§ **ASSIGNMENT**: Since pictures are not wanted in the copy, output only the rest of each record exactly.

§ **DATA FOR THE TASK**:
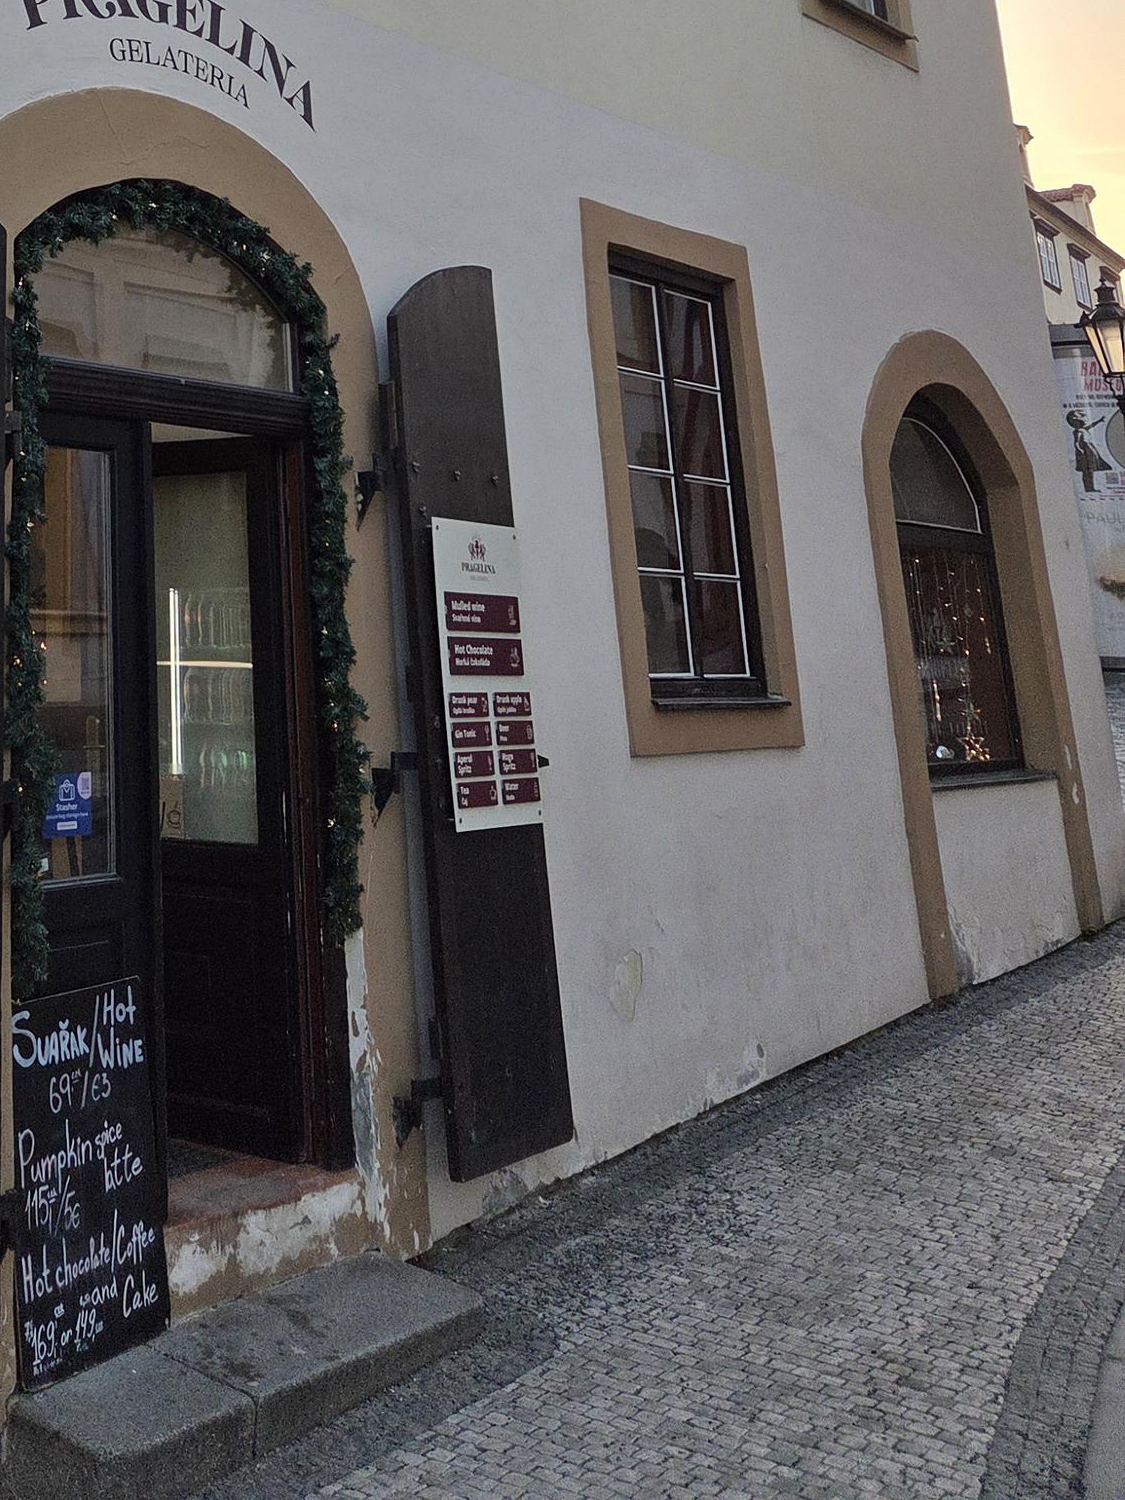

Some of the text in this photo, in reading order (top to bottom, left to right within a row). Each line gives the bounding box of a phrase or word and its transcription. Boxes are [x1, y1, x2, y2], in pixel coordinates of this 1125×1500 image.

[109, 37, 250, 110] GELATERIA
[18, 1118, 122, 1194] Pumpkin spice
[21, 1244, 53, 1304] Hot
[91, 1270, 158, 1318] and Cake
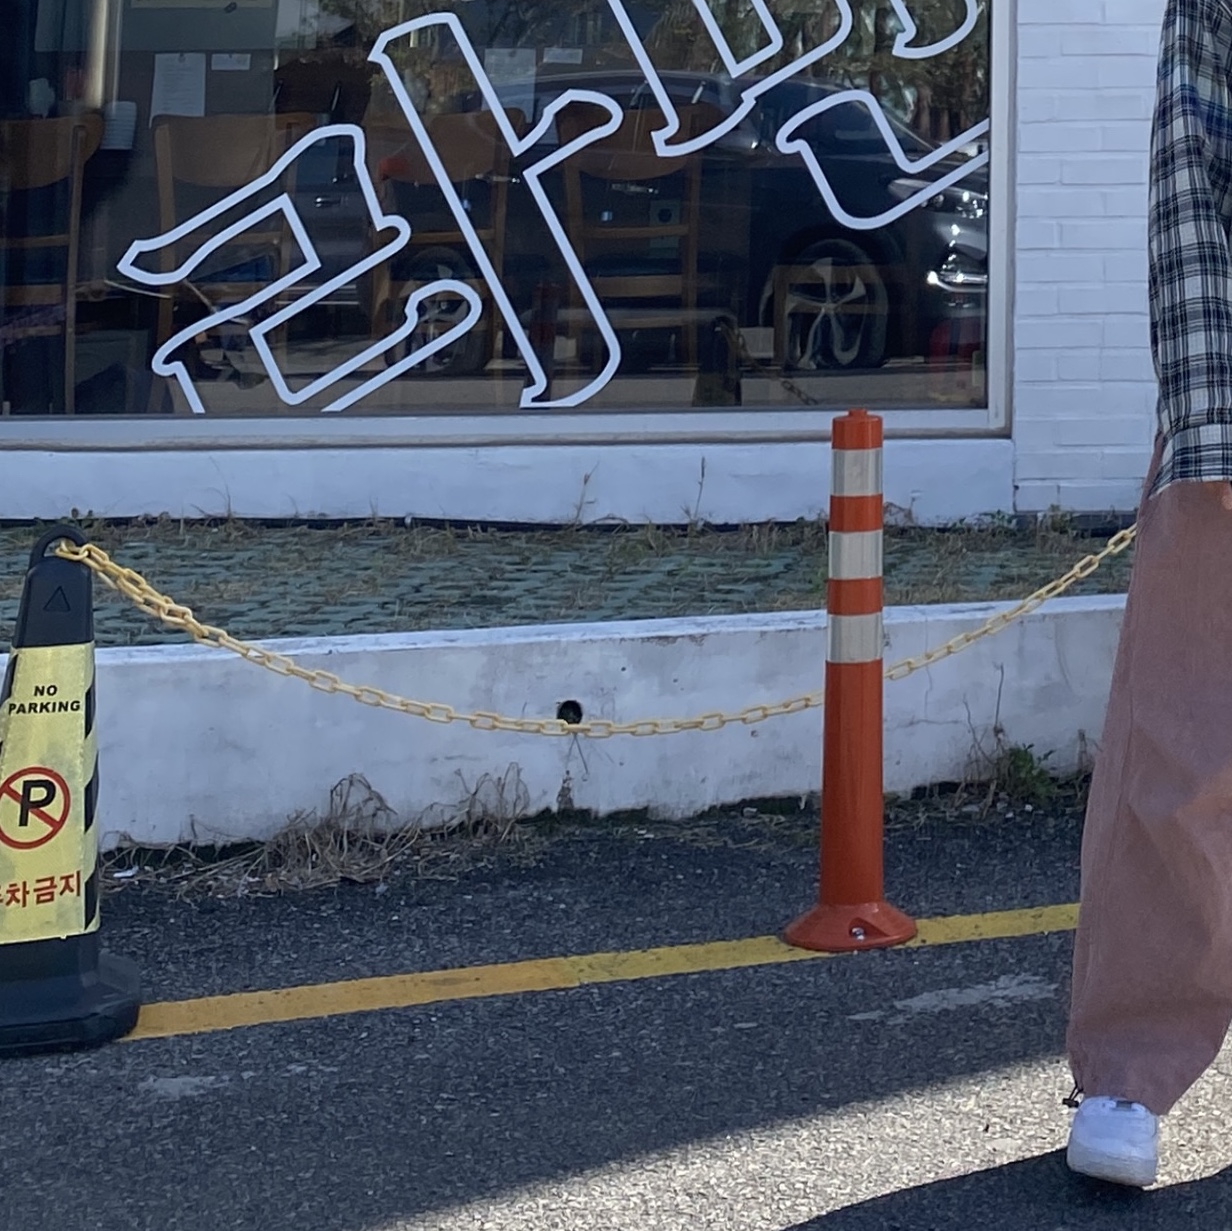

§ **TASK RESPONSE**:
Some of the text in this photo, in reading order (top to bottom, left to right within a row). Each line gives the bounding box of a phrase or word and its transcription. Boxes are [x1, y1, x2, y2], in pixel coordinates of this 1125×1500 image.

[109, 37, 250, 110] GELATERIA
[18, 1118, 122, 1194] Pumpkin spice
[21, 1244, 53, 1304] Hot
[91, 1270, 158, 1318] and Cake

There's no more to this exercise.